Search warrant materials used in Clinton email probe unsealed
NEW YORK (Reuters) - Search warrant documents released on Tuesday related to the probe of Democratic presidential nominee Hillary Clinton's private email setup provided new details about the FBI's decision to revive the investigation days before ...
NEW YORK (Reuters) - Search warrant documents released on Tuesday related to the probe of Democratic presidential nominee Hillary Clinton's private email setup provided new details about the FBI's decision to revive the investigation days before the Nov. 8 election.
The materials, which related to a search warrant issued after Federal Bureau of Investigation Director James Comey on Oct. 28 informed Congress of the emails, were ordered released on Monday by U.S. District Judge Kevin Castel in Manhattan.
Comey's letter drew new attention to Clinton's use of the server while she was secretary of state from 2009 to 2013 and roiled the campaign 11 days before the election, which Republican Donald Trump won.

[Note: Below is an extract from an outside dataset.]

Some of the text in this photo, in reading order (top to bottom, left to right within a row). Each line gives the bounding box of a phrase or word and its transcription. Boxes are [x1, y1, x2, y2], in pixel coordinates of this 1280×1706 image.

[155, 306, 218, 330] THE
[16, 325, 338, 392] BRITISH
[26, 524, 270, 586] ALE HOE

In an affidavit, an FBI agent said there was "probable cause" to believe emails between Clinton and a person whose name was redacted were among "thousands" found on a laptop that contained U.S. State Department correspondence.
But the filings gave no indication that any emails involving Clinton containing classified information had been found on the laptop at the time the warrant was issued on Oct. 30.

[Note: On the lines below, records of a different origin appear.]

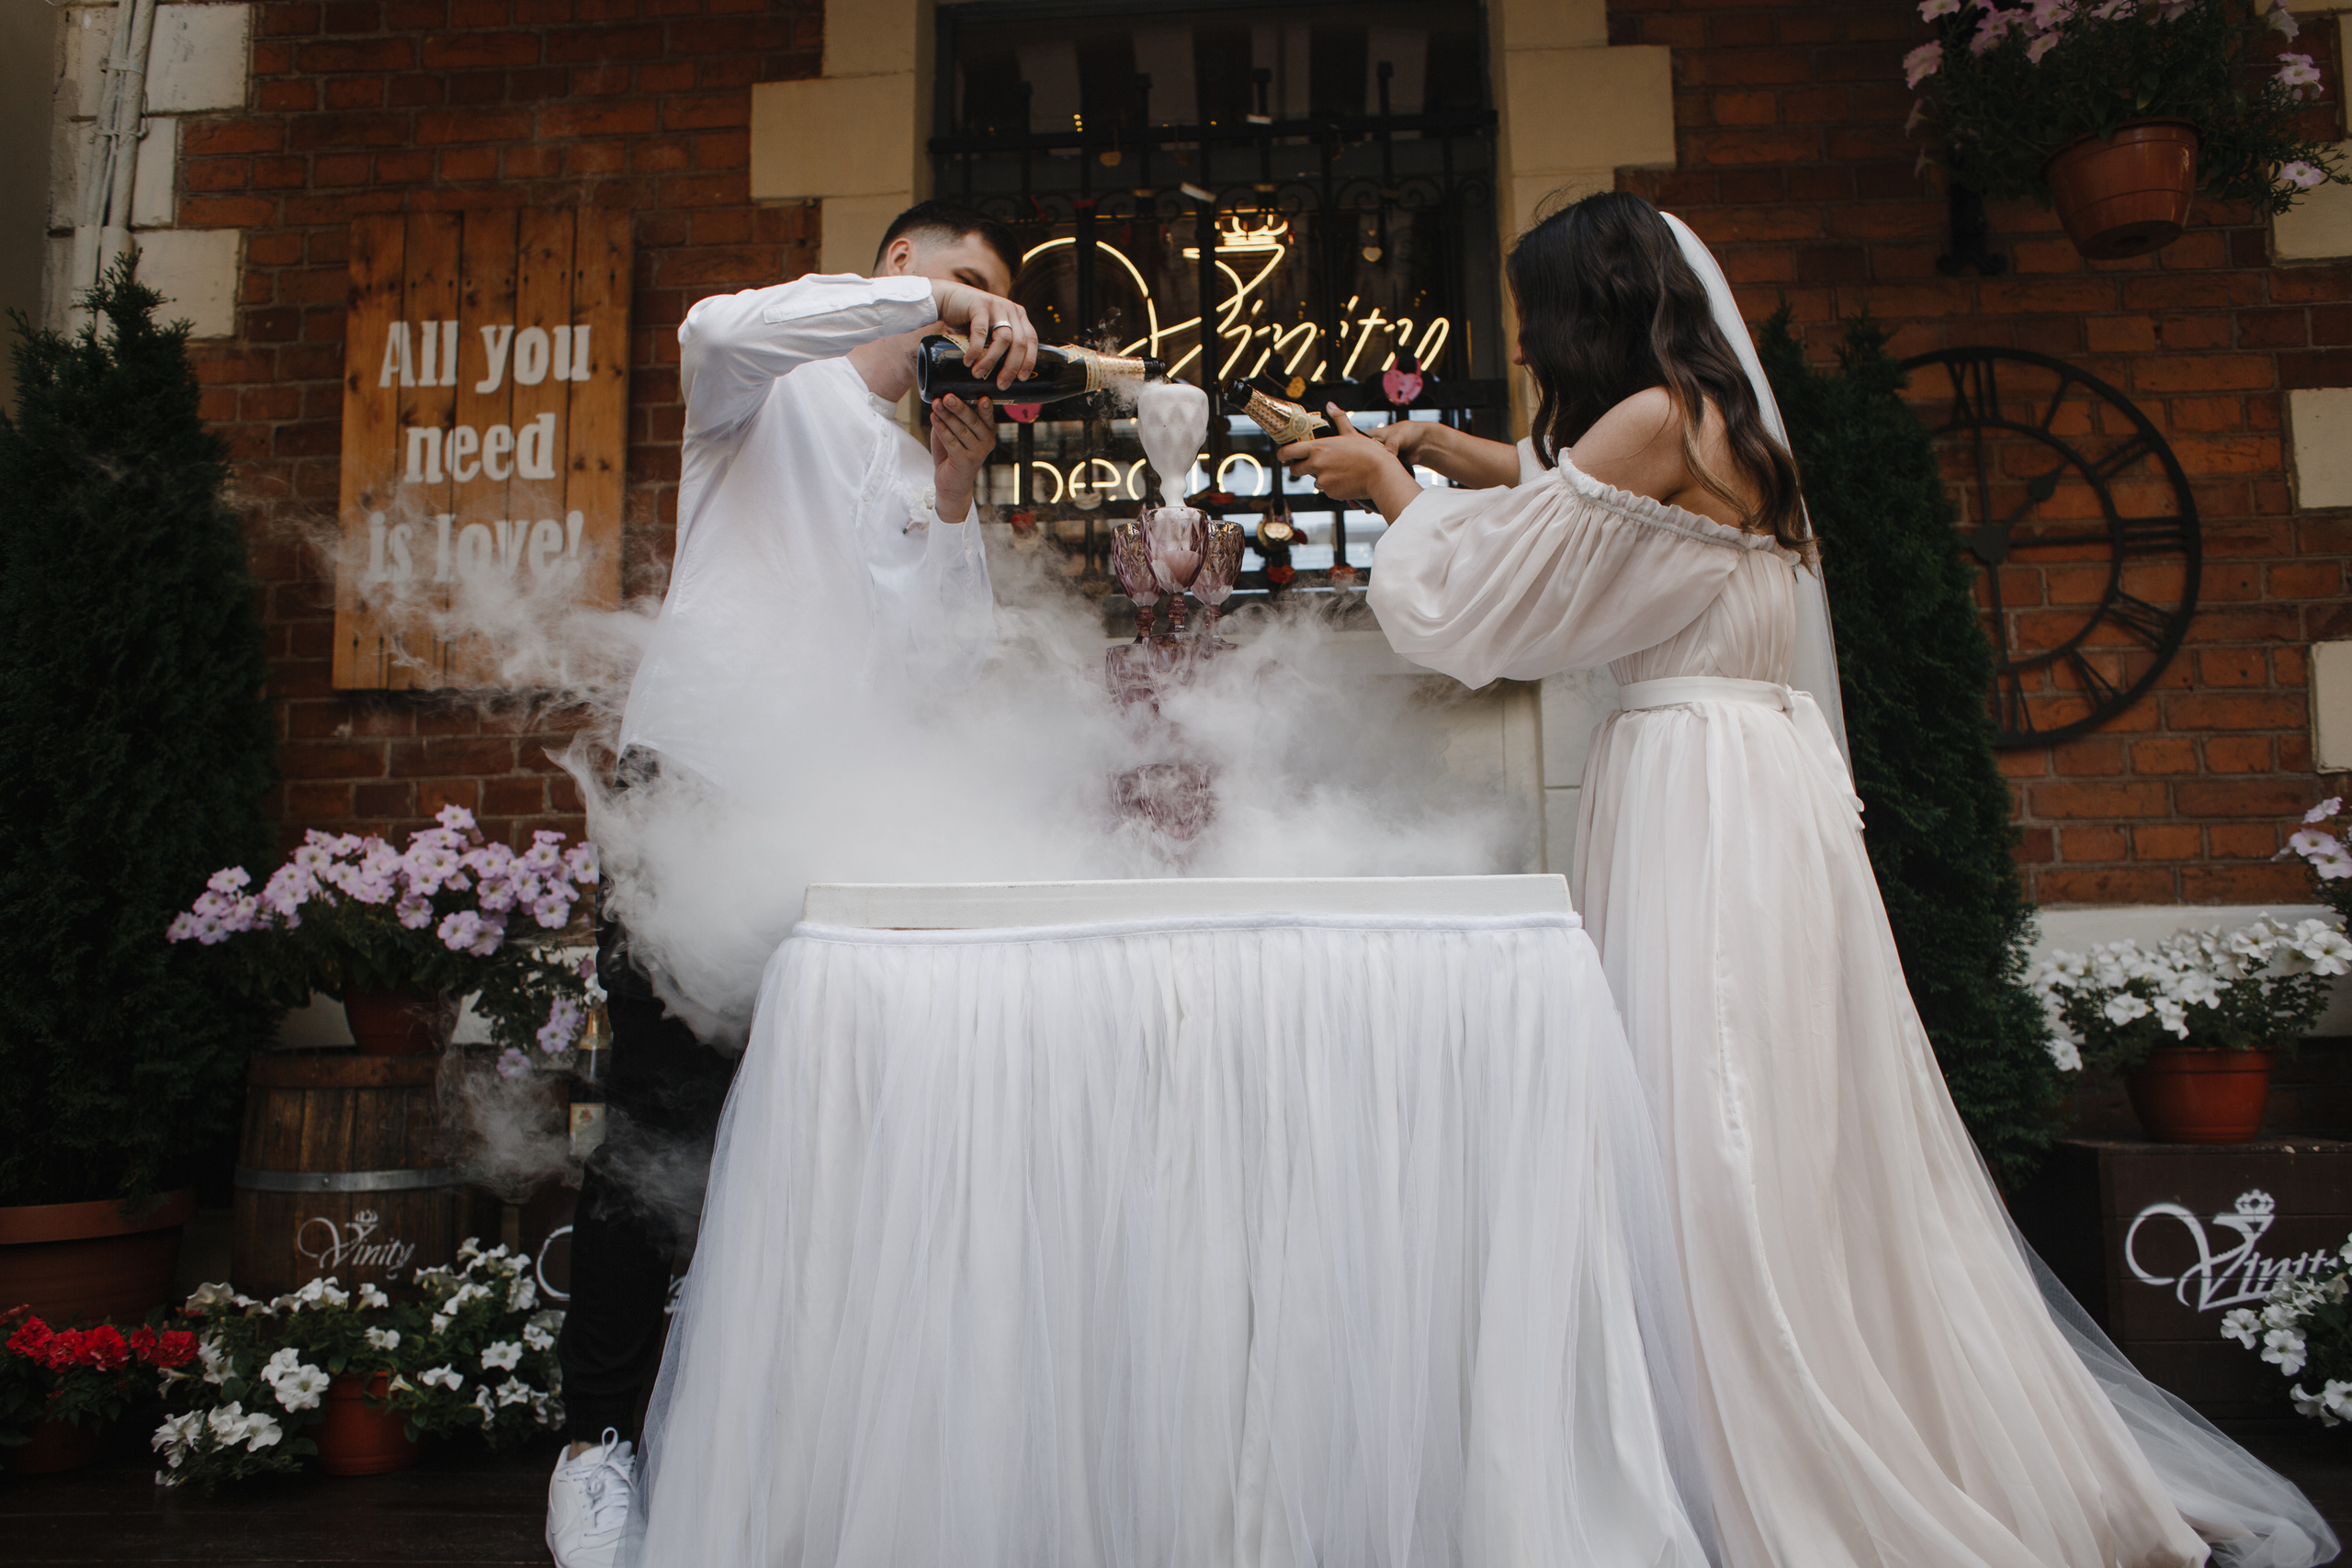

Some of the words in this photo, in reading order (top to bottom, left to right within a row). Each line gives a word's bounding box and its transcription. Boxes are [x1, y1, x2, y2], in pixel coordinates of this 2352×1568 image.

[379, 321, 458, 388] All
[475, 325, 592, 394] you
[403, 412, 556, 483] need
[366, 511, 414, 583] is
[433, 510, 584, 588] love!
[298, 1216, 416, 1280] Vinity

The laptop belonged to former Democratic U.S. Representative Anthony Weiner, the estranged husband of Clinton aide Huma Abedin who was the subject of an investigation after a report about cellphone and online messages he sent a 15-year-old girl.

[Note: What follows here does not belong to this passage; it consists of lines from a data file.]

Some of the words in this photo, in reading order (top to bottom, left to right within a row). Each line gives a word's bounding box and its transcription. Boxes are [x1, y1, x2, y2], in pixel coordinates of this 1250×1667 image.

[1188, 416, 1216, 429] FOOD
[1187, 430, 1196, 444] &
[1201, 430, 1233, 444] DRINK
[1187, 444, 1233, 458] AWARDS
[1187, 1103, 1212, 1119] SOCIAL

The search warrant materials' release was sought by Randol Schoenberg, a Los Angeles-based lawyer, who in court papers said transparency was crucial given the potential influence the probe had on the election's outcome.
In a statement, Schoenberg said he saw "nothing to suggest that there would be anything other than routine correspondence between Secretary Clinton and her longtime aide Huma Abedin."
Lawyers for Clinton and Weiner did not respond to requests for comment, nor did the FBI. Abedin's lawyer declined comment.
In July, Comey recommended no charges be brought over Clinton's handing of classified information in the emails, although he said she and her colleagues were "extremely careless" in handling such information.
That determination followed what the search warrant materials called a "criminal investigation concerning the improper transmission and storage of classified info on unclassified email systems and servers."
In his Oct. 28 letter to Congress, Comey said emails potentially related to the investigation had been discovered in an "unrelated case."
Federal investigators obtained the warrant to examine the emails on Oct. 30. Two days before the election, Comey disclosed the emails did nothing to change his earlier recommendation.